Choices directly control state transitions deterministically, but the behavioral contingencies that control the state transitions are unknown to the participants in advance of the task. If the participant makes an LR gamble, then the next state transition will be into a nonlucrative path. If the participant makes an HR gamble, then the next state transition will be into a lucrative path. Participants must learn to make choices that accept moderate interim losses in order to steer state transitions toward a lucrative goal state and optimize long-term gains (i.e., intertemporal choices). For example, in order to access the most lucrative State 4 (highest probability of winning and highest payoff), participants need to risk losing moderate amounts in States 1 and 2 by selecting HR gambles of 2€–3€. Selecting an LR gamble (0€–1€) transitions to a less lucrative path, and precludes access to State 4 and optimal earnings. The optimal strategy to maximize earnings (and minimize losses) in the SSIT is to select an investment pattern of 2€, 2€, 3€, in states 1, 2, and 4, respectively.

Counterfactual consequences are instantiated in the SSIT as monetary gains and losses that were not experienced because they are contingent on forgone, alternative choices of the participant in a given trial. Such counterfactual gains and losses (also referred to as fictive outcomes) are examples of downward and upward counterfactual comparisons, respectively. A counterfactual gain (downward comparison) occurs when an alternative action (i.e., investment) would have led to a greater loss, for which the counterfactual outcome is experienced as a gain (savings) on a losing trial (e.g., investing everything instead of a smaller portion would have led to an even greater loss). A counterfactual loss (upward comparison) is a missed opportunity that occurs when an alternative action would have led to an increased gain, for which the counterfactual outcome is experienced as a loss (cost) on a winning trial (e.g., investing everything instead of a smaller portion would have led to an even greater gain). Such fictive reward signals can be used in the SSIT to further inform valuation beyond the information provided by standard reward prediction errors alone, leading to more rapid acquisition of optimal action values. The counterfactual consequences clue participants about the potentially high expected value of certain patterns of sequential choices despite frequent losses (i.e., Paths 1 and 3). Specifically, attending to counterfactual losses biases choices toward outcomes that are optimal in the long run (i.e., Paths 1 and 3), whereas attending to counterfactual gains could bias choices toward outcomes that are severely nonoptimal in the long run (Paths 2 and 4). For example, adjusting behavior in response to counterfactual losses guides future choices toward larger investments (i.e., “I could have won more, so I will invest more”) and more optimal gains over the long run because the participant ends up in the very lucrative State 4. In contrast, adjusting behavior in response to counterfactual gains biases decisions toward smaller investments (i.e., “I could have lost more, so I will invest less”) and therefore suboptimal SSIT performance.

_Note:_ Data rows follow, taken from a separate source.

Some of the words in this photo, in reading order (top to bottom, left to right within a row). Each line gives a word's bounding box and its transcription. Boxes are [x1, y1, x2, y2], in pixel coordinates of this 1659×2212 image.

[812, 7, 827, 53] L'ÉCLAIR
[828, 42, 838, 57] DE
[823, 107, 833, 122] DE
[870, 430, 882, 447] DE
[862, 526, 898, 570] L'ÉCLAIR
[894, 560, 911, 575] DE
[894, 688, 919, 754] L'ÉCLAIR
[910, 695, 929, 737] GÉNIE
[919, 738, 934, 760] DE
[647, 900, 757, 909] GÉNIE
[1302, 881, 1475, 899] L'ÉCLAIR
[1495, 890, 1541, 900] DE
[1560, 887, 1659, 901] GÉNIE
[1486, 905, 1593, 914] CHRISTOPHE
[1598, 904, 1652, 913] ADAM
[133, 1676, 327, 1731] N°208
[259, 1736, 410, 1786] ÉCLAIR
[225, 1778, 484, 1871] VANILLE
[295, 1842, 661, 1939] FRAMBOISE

At the end of each set of 10 rounds of the SSIT (30 trials), participants rated their experienced win frequency for each of the seven SSIT decision states (cued by their respective visual patterns) on a scale from 0 = never win to 5 = always win (fMRI data were not recorded during these ratings). These ratings were collected eight times in total throughout the task and were used to confirm that participants were engaged with the task and able to acquire knowledge about the individual states but did not assess knowledge of the overall task structure.

Prior to entering the MRI scanner for data collection, all participants were given instructions of how to manipulate the mouse to make choices and completed 15 to 20 practice trials in order to become familiar with the aims of their task. Participants received an explanation that the task contained several conditions, that each condition would be related to a different colored pattern, and that each colored pattern was associated with a different probability of winning or losing. They were shown that they start with an account value of 0€, and were instructed that the goal of the task was to figure out how to make choices so that they could earn as much money as possible to fill their account. Practice trials did not contain details of the actual SSIT task contingencies or payoff structure used in the experiment, and participants were not informed that state transitions could be controlled by their choices. All participants confirmed they understood how to manipulate the mouse, that their goal for the task was to earn as much money as possible, and that each trial involved an opportunity to win as well as a risk of losing money.

Computational modeling

The Q-learning model (Watkins & Dayan, 1992) estimates the Q-value (i.e., expected value) of a chosen action given the observed state in an online fashion. The probability of a particular choice is nonlinearly related to the expected sum of discounted future rewards (i.e., expected value), which has to be estimated from observations as with a temporal difference (TD) reward prediction error signal. However, the measurable TD error incorporates only factual consequences stemming from the chosen action. To model the decisions of the participant in the SSIT task we therefore extended Q-learning with counterfactual consequences in a two-stage update process.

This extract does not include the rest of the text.